What needs to be done: Copy the data that follows exactly. Include no pictures.

Stored items:
┌────────
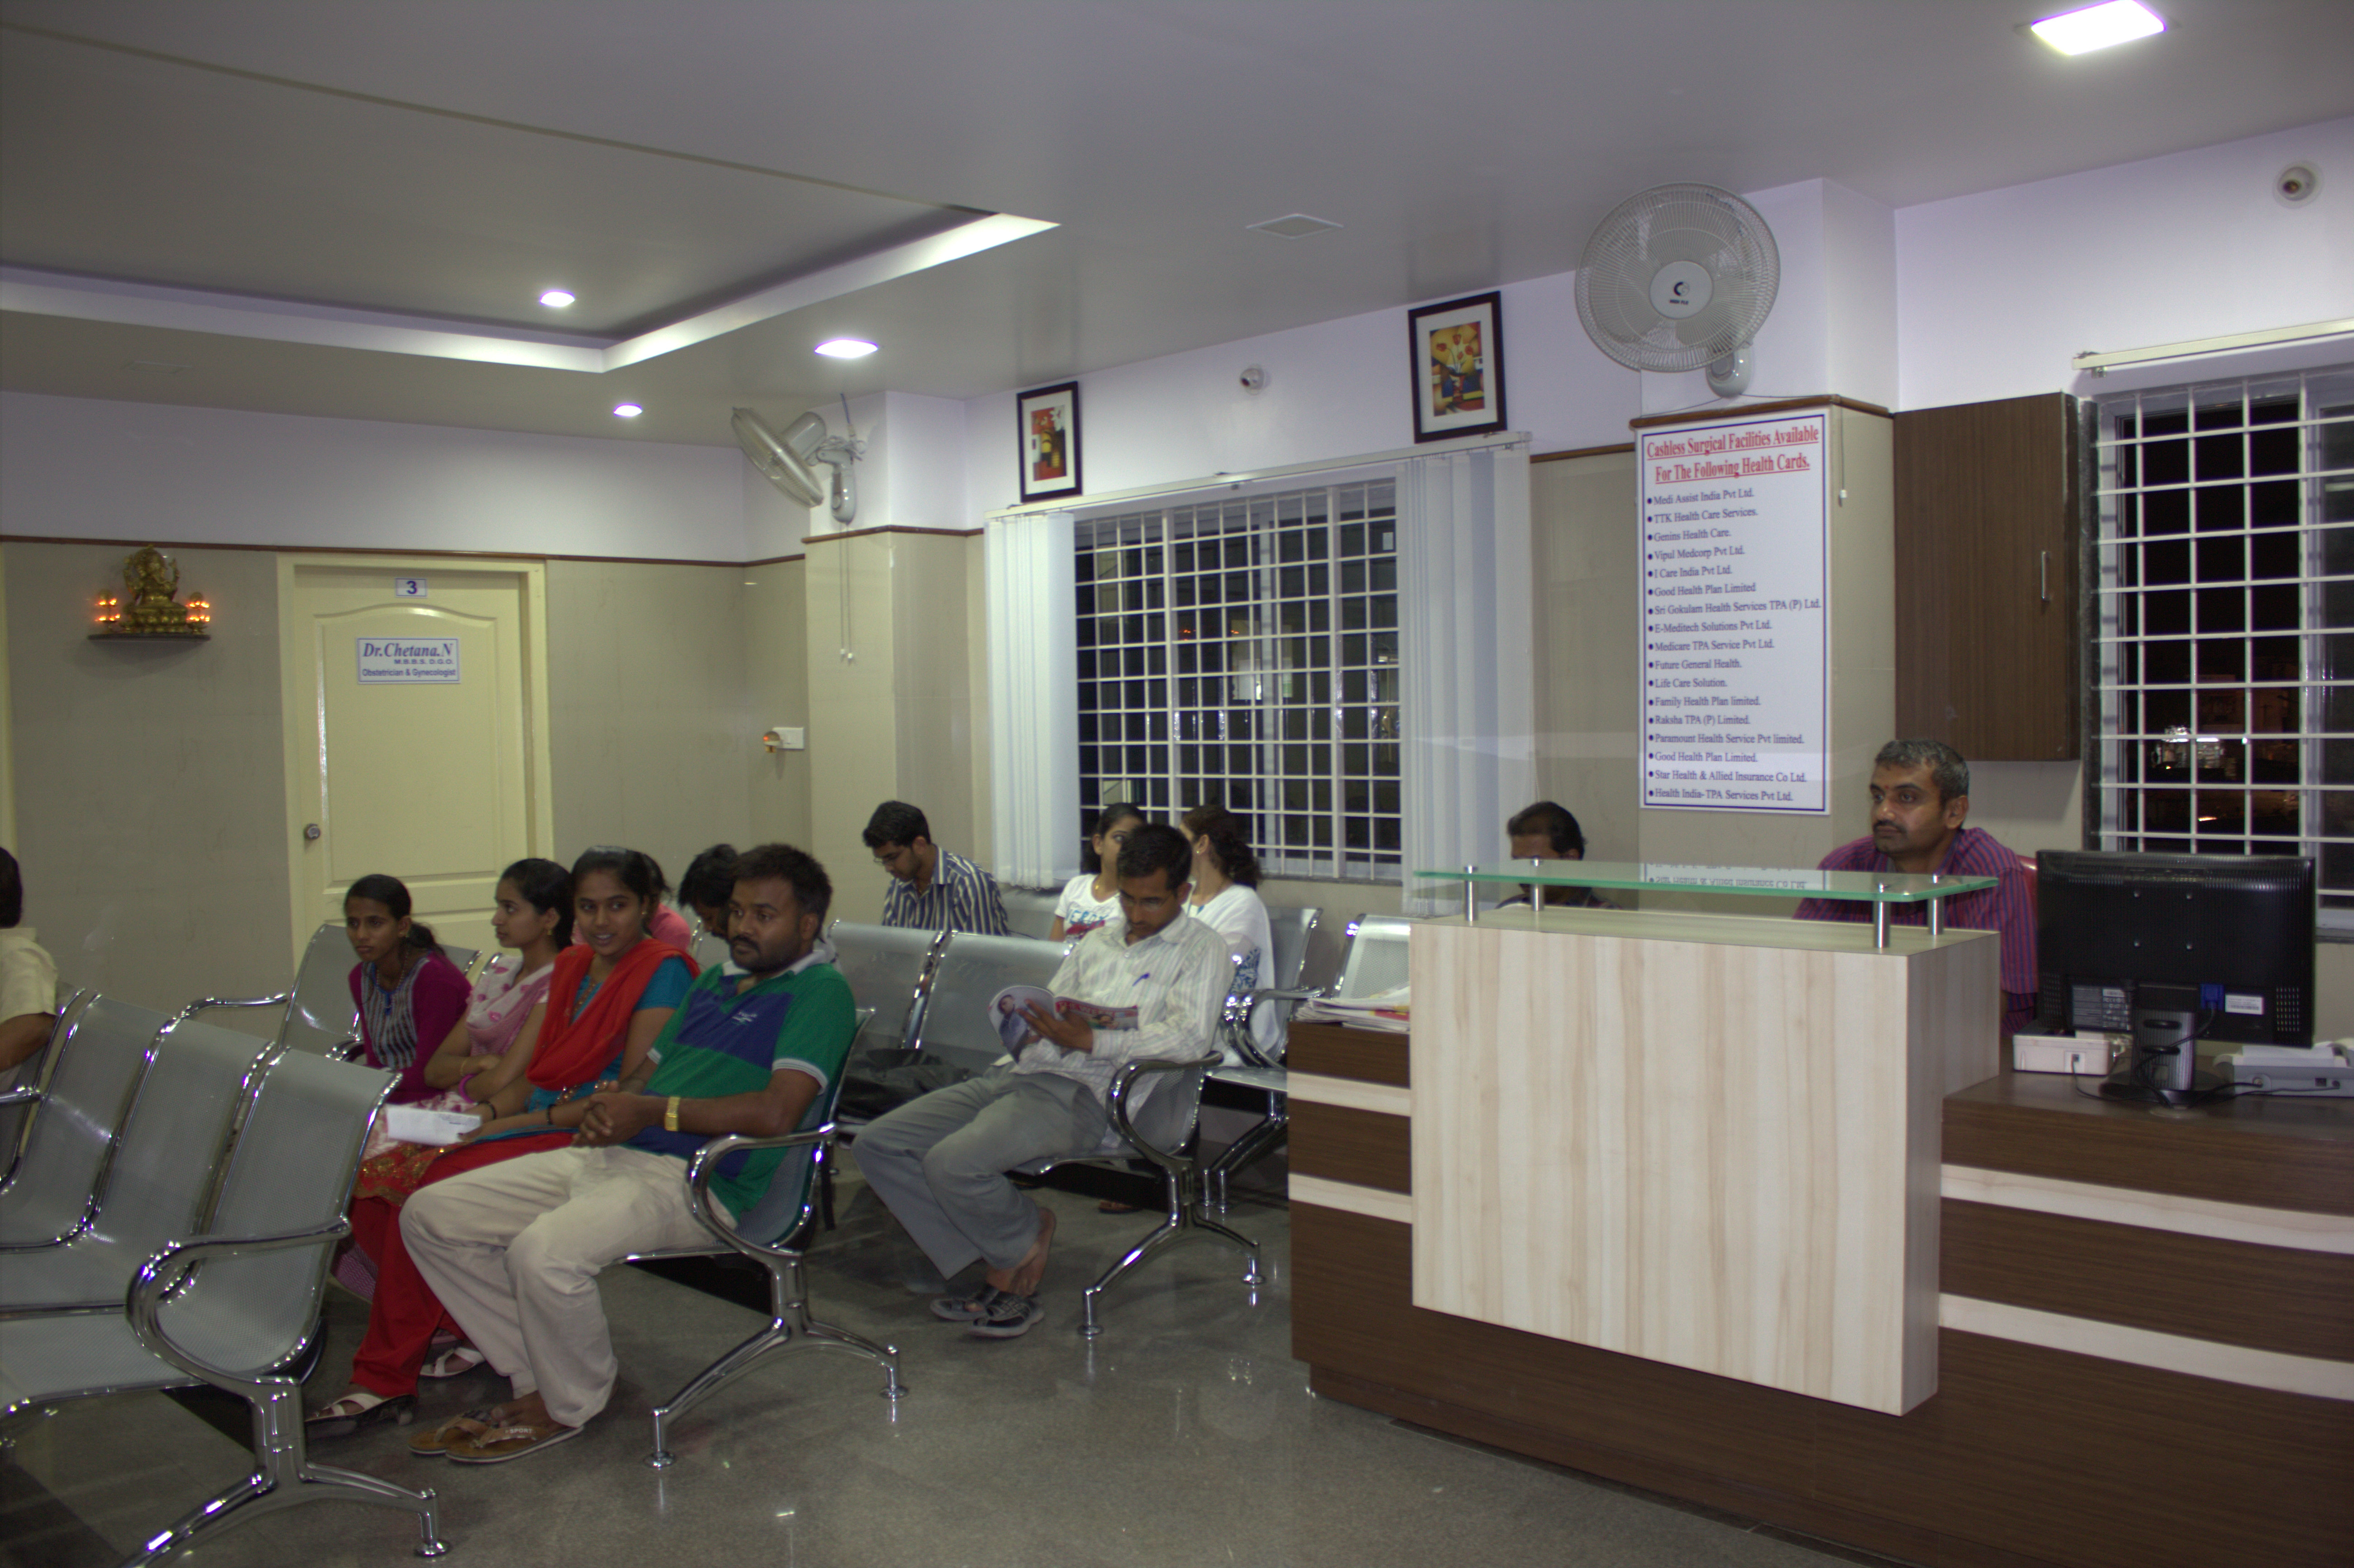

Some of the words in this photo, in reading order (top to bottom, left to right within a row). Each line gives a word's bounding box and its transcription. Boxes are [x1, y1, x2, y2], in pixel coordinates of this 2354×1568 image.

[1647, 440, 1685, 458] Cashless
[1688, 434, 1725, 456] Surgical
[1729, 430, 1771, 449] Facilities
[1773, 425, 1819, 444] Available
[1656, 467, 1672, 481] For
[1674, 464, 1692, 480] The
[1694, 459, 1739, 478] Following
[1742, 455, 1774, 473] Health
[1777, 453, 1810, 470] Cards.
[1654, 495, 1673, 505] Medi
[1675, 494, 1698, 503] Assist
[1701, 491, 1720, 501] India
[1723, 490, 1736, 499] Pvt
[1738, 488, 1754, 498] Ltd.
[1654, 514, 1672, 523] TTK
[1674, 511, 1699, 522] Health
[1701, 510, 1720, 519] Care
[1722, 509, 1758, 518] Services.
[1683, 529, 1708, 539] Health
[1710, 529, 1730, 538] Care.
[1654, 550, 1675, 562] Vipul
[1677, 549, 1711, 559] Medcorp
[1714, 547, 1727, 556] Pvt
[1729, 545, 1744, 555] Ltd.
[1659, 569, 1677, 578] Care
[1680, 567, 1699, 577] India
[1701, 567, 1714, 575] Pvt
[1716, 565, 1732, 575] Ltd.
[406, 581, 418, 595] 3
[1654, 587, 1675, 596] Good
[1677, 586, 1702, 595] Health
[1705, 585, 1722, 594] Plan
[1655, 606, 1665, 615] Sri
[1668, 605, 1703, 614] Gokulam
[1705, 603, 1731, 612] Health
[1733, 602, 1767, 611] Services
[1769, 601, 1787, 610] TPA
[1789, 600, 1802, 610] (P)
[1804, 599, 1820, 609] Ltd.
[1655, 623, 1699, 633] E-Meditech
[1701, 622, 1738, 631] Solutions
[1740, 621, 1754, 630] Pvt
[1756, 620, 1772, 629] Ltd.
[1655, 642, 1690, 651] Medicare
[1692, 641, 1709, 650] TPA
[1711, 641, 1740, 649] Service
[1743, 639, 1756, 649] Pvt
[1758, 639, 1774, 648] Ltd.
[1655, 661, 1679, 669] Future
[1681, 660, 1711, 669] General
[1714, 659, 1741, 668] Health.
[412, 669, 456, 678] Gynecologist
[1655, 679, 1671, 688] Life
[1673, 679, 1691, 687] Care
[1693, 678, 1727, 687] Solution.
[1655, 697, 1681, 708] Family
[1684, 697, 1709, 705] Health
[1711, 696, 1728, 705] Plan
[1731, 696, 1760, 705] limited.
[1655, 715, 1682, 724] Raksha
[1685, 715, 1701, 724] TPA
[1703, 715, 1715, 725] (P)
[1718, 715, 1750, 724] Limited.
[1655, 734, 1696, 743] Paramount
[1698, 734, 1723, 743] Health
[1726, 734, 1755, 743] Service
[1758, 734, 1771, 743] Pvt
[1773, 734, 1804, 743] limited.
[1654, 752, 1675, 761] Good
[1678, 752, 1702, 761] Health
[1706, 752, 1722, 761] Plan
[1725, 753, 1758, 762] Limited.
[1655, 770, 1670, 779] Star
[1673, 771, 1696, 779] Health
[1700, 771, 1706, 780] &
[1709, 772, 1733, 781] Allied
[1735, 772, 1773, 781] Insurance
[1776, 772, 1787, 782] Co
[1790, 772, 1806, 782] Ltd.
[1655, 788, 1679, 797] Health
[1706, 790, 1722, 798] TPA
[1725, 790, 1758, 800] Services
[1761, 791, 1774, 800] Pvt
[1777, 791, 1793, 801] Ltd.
└────────
Answer to the problem:
Some of the words in this photo, in reading order (top to bottom, left to right within a row). Each line gives a word's bounding box and its transcription. Boxes are [x1, y1, x2, y2], in pixel coordinates of this 2354×1568 image.

[1647, 440, 1685, 458] Cashless
[1688, 434, 1725, 456] Surgical
[1729, 430, 1771, 449] Facilities
[1773, 425, 1819, 444] Available
[1656, 467, 1672, 481] For
[1674, 464, 1692, 480] The
[1694, 459, 1739, 478] Following
[1742, 455, 1774, 473] Health
[1777, 453, 1810, 470] Cards.
[1654, 495, 1673, 505] Medi
[1675, 494, 1698, 503] Assist
[1701, 491, 1720, 501] India
[1723, 490, 1736, 499] Pvt
[1738, 488, 1754, 498] Ltd.
[1654, 514, 1672, 523] TTK
[1674, 511, 1699, 522] Health
[1701, 510, 1720, 519] Care
[1722, 509, 1758, 518] Services.
[1683, 529, 1708, 539] Health
[1710, 529, 1730, 538] Care.
[1654, 550, 1675, 562] Vipul
[1677, 549, 1711, 559] Medcorp
[1714, 547, 1727, 556] Pvt
[1729, 545, 1744, 555] Ltd.
[1659, 569, 1677, 578] Care
[1680, 567, 1699, 577] India
[1701, 567, 1714, 575] Pvt
[1716, 565, 1732, 575] Ltd.
[406, 581, 418, 595] 3
[1654, 587, 1675, 596] Good
[1677, 586, 1702, 595] Health
[1705, 585, 1722, 594] Plan
[1655, 606, 1665, 615] Sri
[1668, 605, 1703, 614] Gokulam
[1705, 603, 1731, 612] Health
[1733, 602, 1767, 611] Services
[1769, 601, 1787, 610] TPA
[1789, 600, 1802, 610] (P)
[1804, 599, 1820, 609] Ltd.
[1655, 623, 1699, 633] E-Meditech
[1701, 622, 1738, 631] Solutions
[1740, 621, 1754, 630] Pvt
[1756, 620, 1772, 629] Ltd.
[1655, 642, 1690, 651] Medicare
[1692, 641, 1709, 650] TPA
[1711, 641, 1740, 649] Service
[1743, 639, 1756, 649] Pvt
[1758, 639, 1774, 648] Ltd.
[1655, 661, 1679, 669] Future
[1681, 660, 1711, 669] General
[1714, 659, 1741, 668] Health.
[412, 669, 456, 678] Gynecologist
[1655, 679, 1671, 688] Life
[1673, 679, 1691, 687] Care
[1693, 678, 1727, 687] Solution.
[1655, 697, 1681, 708] Family
[1684, 697, 1709, 705] Health
[1711, 696, 1728, 705] Plan
[1731, 696, 1760, 705] limited.
[1655, 715, 1682, 724] Raksha
[1685, 715, 1701, 724] TPA
[1703, 715, 1715, 725] (P)
[1718, 715, 1750, 724] Limited.
[1655, 734, 1696, 743] Paramount
[1698, 734, 1723, 743] Health
[1726, 734, 1755, 743] Service
[1758, 734, 1771, 743] Pvt
[1773, 734, 1804, 743] limited.
[1654, 752, 1675, 761] Good
[1678, 752, 1702, 761] Health
[1706, 752, 1722, 761] Plan
[1725, 753, 1758, 762] Limited.
[1655, 770, 1670, 779] Star
[1673, 771, 1696, 779] Health
[1700, 771, 1706, 780] &
[1709, 772, 1733, 781] Allied
[1735, 772, 1773, 781] Insurance
[1776, 772, 1787, 782] Co
[1790, 772, 1806, 782] Ltd.
[1655, 788, 1679, 797] Health
[1706, 790, 1722, 798] TPA
[1725, 790, 1758, 800] Services
[1761, 791, 1774, 800] Pvt
[1777, 791, 1793, 801] Ltd.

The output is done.